Figure 5. IRE1 supports NK cell OXPHOS and mitochondrial function.

(a) Venn diagram of RNA-seq analysis showing differentially expressed genes in IRE1^NK Ly49H⁺ NK cells compared to WT counterparts during infection with MCMV. Cells were harvested from IRE1^NK (CD45.2): WT (CD45.1) mixed BM chimeras at three time points: day 0, 1.5 and 7 PI. n = 3 mice/group (b) Top 10 enriched GSEA hallmark gene sets in RNA-seq analysis at day 1.5 PI as indicated in a. n = 3 mice/group. (c) The heat map of differentially expressed OXPHOS target genes in IRE1^NK versus WT NK cells at day 1.5 PI. Genes were clustered by functional annotation. c-Myc-regulated genes³⁵ are shown in black text on the right. (d) Analysis of NK cell oxygen consumption rate (OCR) to assess rates of OXPHOS and maximal respiration.

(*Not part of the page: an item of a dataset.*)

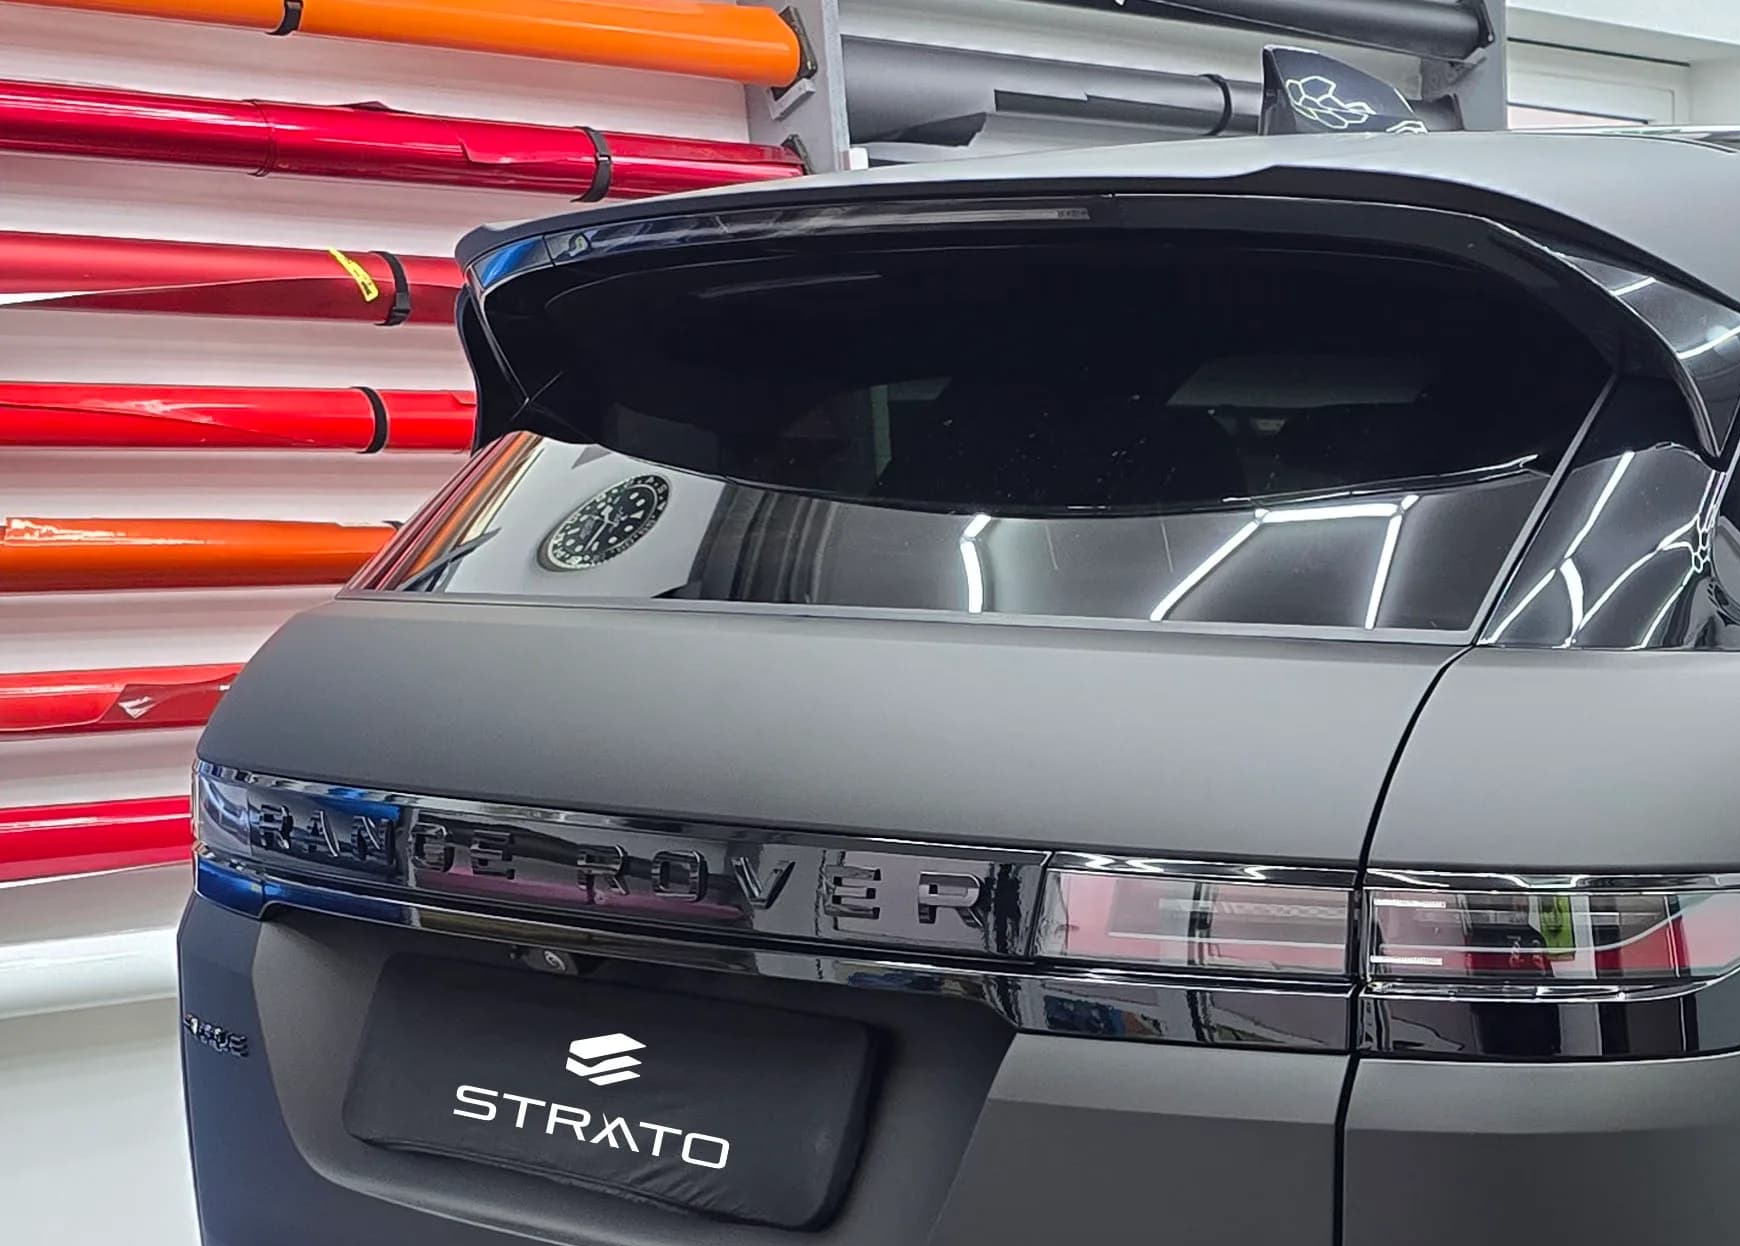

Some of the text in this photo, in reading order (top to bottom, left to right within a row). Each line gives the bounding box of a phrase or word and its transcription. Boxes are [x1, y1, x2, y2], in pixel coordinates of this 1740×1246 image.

[258, 803, 984, 929] RANGE ROVER
[453, 1084, 729, 1169] STRATO

Primary human NK cells isolated from PBMC were incubated with IL-12 and IL-18 for 16 hr, in the presence or absence of the IRE1α inhibitor 4μ8C (5 uM). Approximately 600, 000 cells were plated per well, and the data were normalized to total protein quantification. Oligo (Oligomycin, 1 μM), FCCP (carbonyl cyanide-p-(trifluoromethoxy) phenylhydrazone, 1 μM), R (rotenone, 0.5 μM) and A (antimycin, 0.5 μM). Representative plot in d shows data from one PBMC donor with each symbol representing mean measurement of three technical replicates. Quantification in d shows the combined data from three PBMC donors and two independent experiments; two-tailed unpaired Student’s t-test was performed, with error bars representing mean with s.e.m. and ****p<0.0001.